"The first victory we can claim is that our hearts are free of hatred. Hence we say to those who persecute us and who try to dominate us: ‘You are my brother. I do not hate you, but you are not going to dominate me by fear. I do not wish to impose my truth, nor do I wish you to impose yours on me. We are going to seek the truth together’. THIS IS THE LIBERATION WHICH WE ARE PROCLAIMING."
Oswaldo José Payá Sardiñas (2002)
What
if Fidel Castro had never been born and his 66-year tyranny had never
existed? Let us compare where Cuba was before 1959 to where it is now
and speculate on "what might have been."
The economy In 1959, in terms of per-capita GDP, Cuba was second to Chile and was
doing better than Costa Rica, the Dominican Republic, and Panama. In
2015, Cuba lagged well behind the other four countries. It would be fair
to say that in economic terms, despite billions in Soviet and Venezuelan subsidies, the past six decades have been a disaster for Cuba.

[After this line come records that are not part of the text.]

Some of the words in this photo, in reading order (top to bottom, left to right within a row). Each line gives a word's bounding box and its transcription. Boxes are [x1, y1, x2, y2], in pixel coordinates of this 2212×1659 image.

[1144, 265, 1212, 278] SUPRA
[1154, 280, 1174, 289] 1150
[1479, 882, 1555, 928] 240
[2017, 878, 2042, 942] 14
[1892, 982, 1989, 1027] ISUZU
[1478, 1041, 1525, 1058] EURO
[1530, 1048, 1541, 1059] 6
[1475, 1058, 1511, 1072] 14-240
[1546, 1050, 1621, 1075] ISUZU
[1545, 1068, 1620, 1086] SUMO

"University of Hawaii historian R. J. Rummel,
who made a career out of studying what he termed “democide,” the
killing of people by their own government, reported in 1987 that
credible estimates of the Castro regime’s death toll ran from 35,000 to 141,000, with a median of 73,000."

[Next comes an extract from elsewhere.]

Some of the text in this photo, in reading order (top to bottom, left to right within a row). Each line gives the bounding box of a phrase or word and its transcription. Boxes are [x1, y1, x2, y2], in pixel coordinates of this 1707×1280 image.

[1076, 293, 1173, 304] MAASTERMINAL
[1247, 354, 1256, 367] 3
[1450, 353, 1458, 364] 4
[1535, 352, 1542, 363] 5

Democracy restored in a post-Batista Cuba
Many
of the leaders of the July 26th movement, who did the heavy lifting in
the fighting in the field, and lobbying Washington DC to place an arms embargo
on Fulgencio Batista in the spring of 1958, authentically wanted a
democratic restoration in Cuba. As did the majority of the Cuban people.

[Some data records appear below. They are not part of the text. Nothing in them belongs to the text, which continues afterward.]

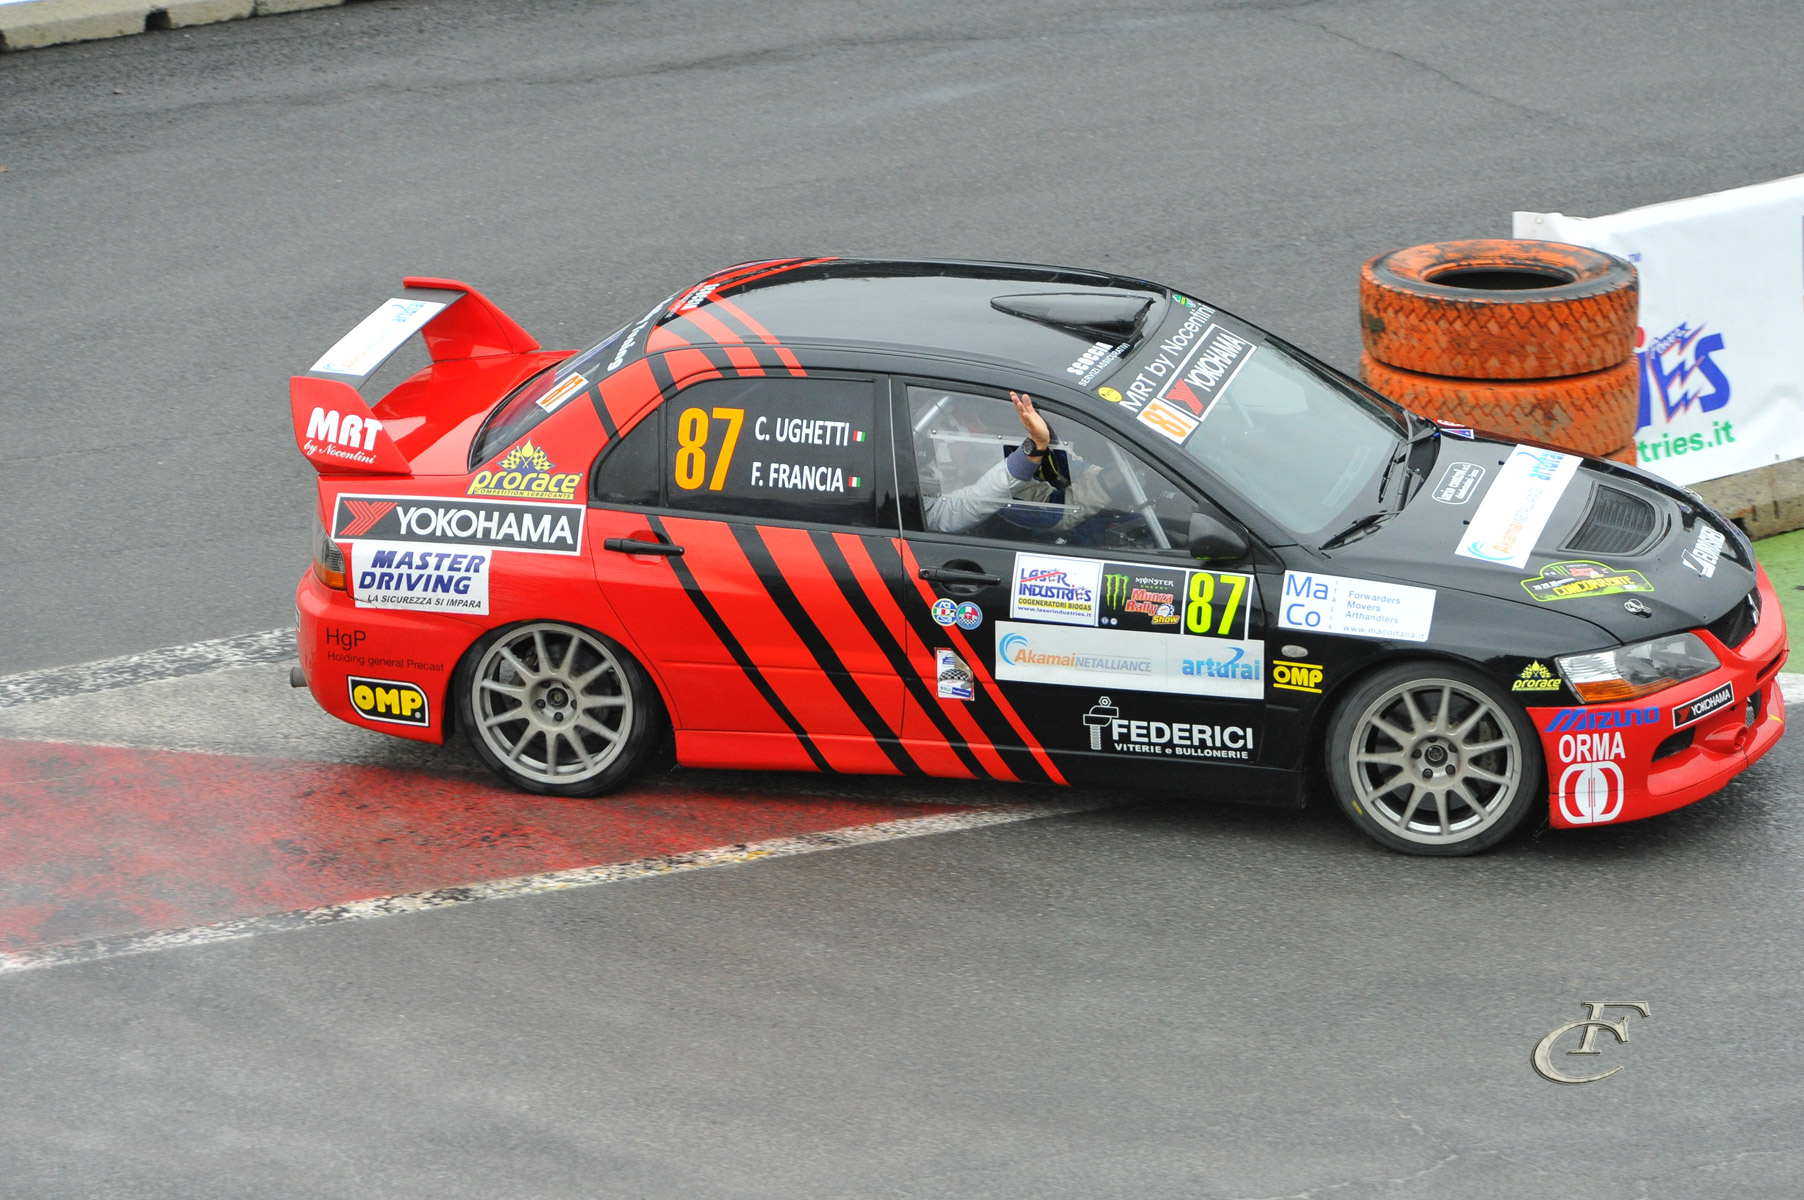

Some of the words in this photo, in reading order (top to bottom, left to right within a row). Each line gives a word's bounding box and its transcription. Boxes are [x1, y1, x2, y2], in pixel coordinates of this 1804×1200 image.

[1119, 373, 1157, 412] MRT
[1145, 353, 1175, 378] by
[1160, 302, 1216, 356] Nocentini
[1184, 332, 1247, 392] YOKOHAMA
[306, 407, 382, 451] MRT
[755, 416, 770, 440] C.
[775, 417, 849, 447] UGHETTI
[1142, 402, 1192, 438] 87
[304, 440, 317, 455] by
[319, 443, 377, 464] Nocentini
[675, 407, 745, 491] 87
[467, 471, 581, 495] prorace
[751, 462, 764, 486] F.
[769, 463, 844, 493] FRANCIA
[475, 488, 524, 496] COMPETITION
[527, 491, 570, 499] LUBRICANTS
[396, 506, 573, 544] YOKOHAMA
[371, 550, 485, 573] MASTER
[359, 571, 471, 595] DRIVING
[1020, 568, 1070, 587] LASER
[1135, 577, 1174, 588] MONSTER
[1286, 574, 1329, 600] Ma
[1553, 576, 1635, 596] CONCORRENTE
[367, 594, 379, 602] LA
[381, 595, 432, 606] SICUREZZA
[434, 598, 444, 606] SI
[446, 599, 481, 608] IMPARA
[1019, 583, 1091, 602] INDUSTRIES
[1131, 588, 1173, 604] Monza
[1186, 572, 1246, 635] 87
[1349, 591, 1400, 605] Forwarders
[1017, 606, 1091, 617] www.laserindustries.it
[1018, 598, 1066, 609] COGENERATORI
[1068, 603, 1091, 611] BIOGAS
[1125, 600, 1158, 616] Rally
[1286, 603, 1321, 628] Co
[1347, 601, 1381, 612] Movers
[1152, 615, 1180, 625] Show
[1345, 611, 1399, 624] Arthandlers
[326, 627, 366, 651] HgP
[1343, 625, 1425, 640] www.macoitalia.it
[327, 651, 365, 667] Holding
[368, 656, 404, 670] general
[407, 659, 445, 673] Precast
[1013, 649, 1075, 667] Akamai
[1273, 665, 1323, 688] OMP
[1512, 679, 1561, 691] prorace
[353, 684, 423, 717] OMP
[1690, 688, 1731, 716] YOKOHAMA
[1111, 719, 1254, 749] FEDERICI
[1114, 743, 1161, 755] VITERIE
[1165, 747, 1172, 755] e
[1175, 747, 1248, 759] BULLONERIE
[1558, 732, 1626, 762] ORMA

This is why Fidel Castro lied systematically through the 1950s and into 1960 denying that he was a communist and claiming to respect civil liberties and democracy.
While Fidel Castro paid lip service to civil liberties, and locked up his compatriots,
who had complained that communists were infiltrating the revolution as
slanderers, he carried out the consolidation of power and formed a
communist totalitarian dictatorship.
If Fidel Castro had never been born, then Daniel Ortega and the Sandinistas would not have taken power in 1979. Without the assistance of the Cuban secret police to take over Nicaragua
again in 2007 and turn it into the dictatorship it is today with Cuban advisers and Nicaraguans fleeing the country.
Venezuela
If Fidel Castro was never born, then Hugo Chavez would not have had a mentor and the assistance of the Cuban secret police to take over Venezuela
and turn it into the dictatorship it is today with Nicolas Maduro and the humanitarian crisis threatening the region.
Human rights in Cuba
If Fidel Castro had never come into existence, then Cubans would not be going to prison for not sufficiently mourning the dictator's death in 2016, or worse yet providing a negative assessment of the regime he created. Thousands of men and women would not have spent decades in Cuban prisons for their political beliefs.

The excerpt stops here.